*** Block opens ***
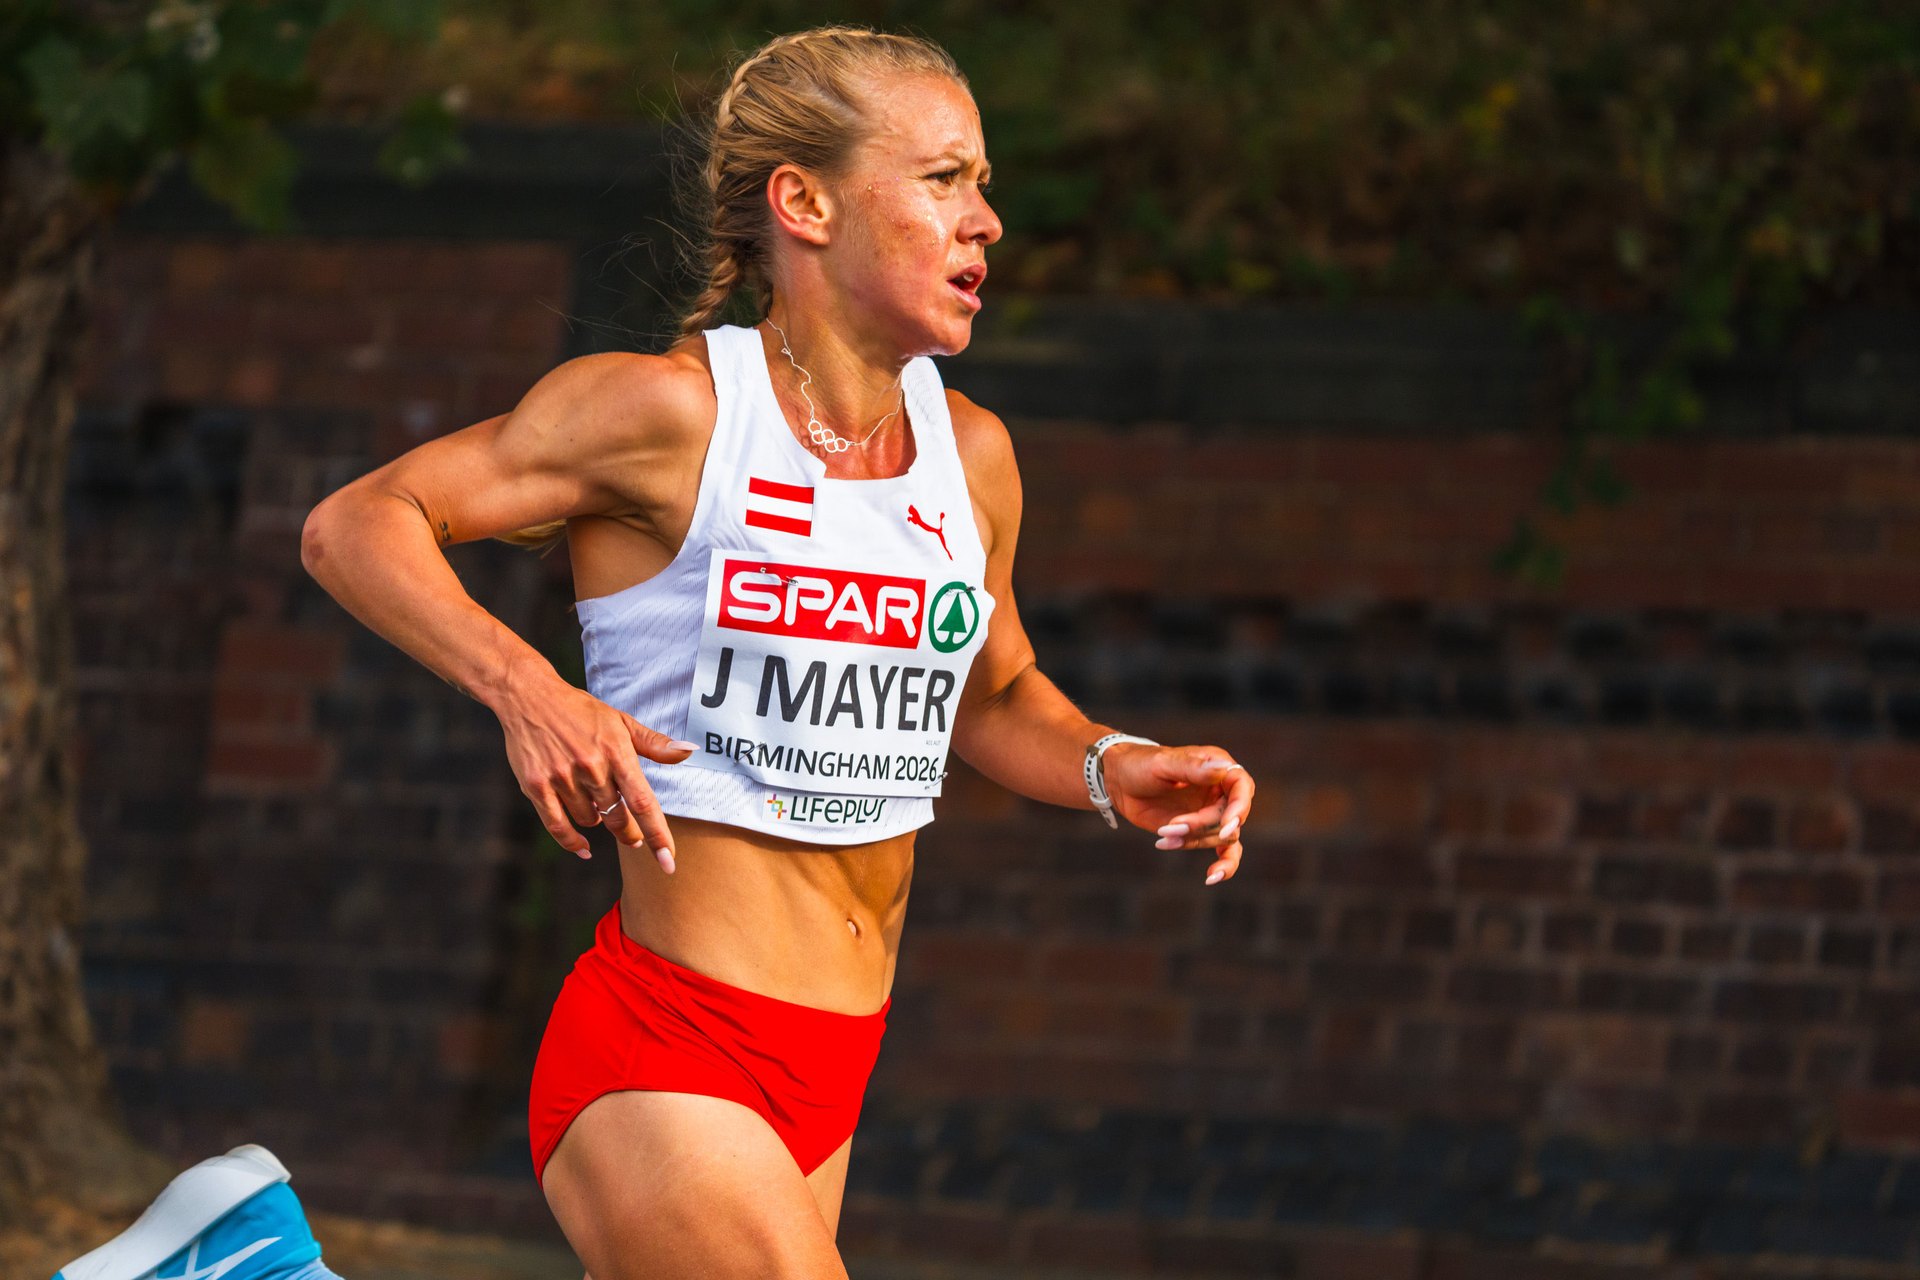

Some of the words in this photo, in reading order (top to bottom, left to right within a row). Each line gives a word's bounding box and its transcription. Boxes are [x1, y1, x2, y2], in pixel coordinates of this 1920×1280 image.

[727, 570, 920, 639] SPAR
[700, 647, 734, 709] J
[756, 655, 955, 732] MAYER
[705, 731, 890, 780] BIRMINGHAM
[895, 755, 939, 782] 2026
*** Block closes ***
(EXERCISE OBJECTIVE)
Could you write out the records again exactly, without any of their pictures?

(ANSWER FOR THE TASK)
Some of the words in this photo, in reading order (top to bottom, left to right within a row). Each line gives a word's bounding box and its transcription. Boxes are [x1, y1, x2, y2], in pixel coordinates of this 1920×1280 image.

[727, 570, 920, 639] SPAR
[700, 647, 734, 709] J
[756, 655, 955, 732] MAYER
[705, 731, 890, 780] BIRMINGHAM
[895, 755, 939, 782] 2026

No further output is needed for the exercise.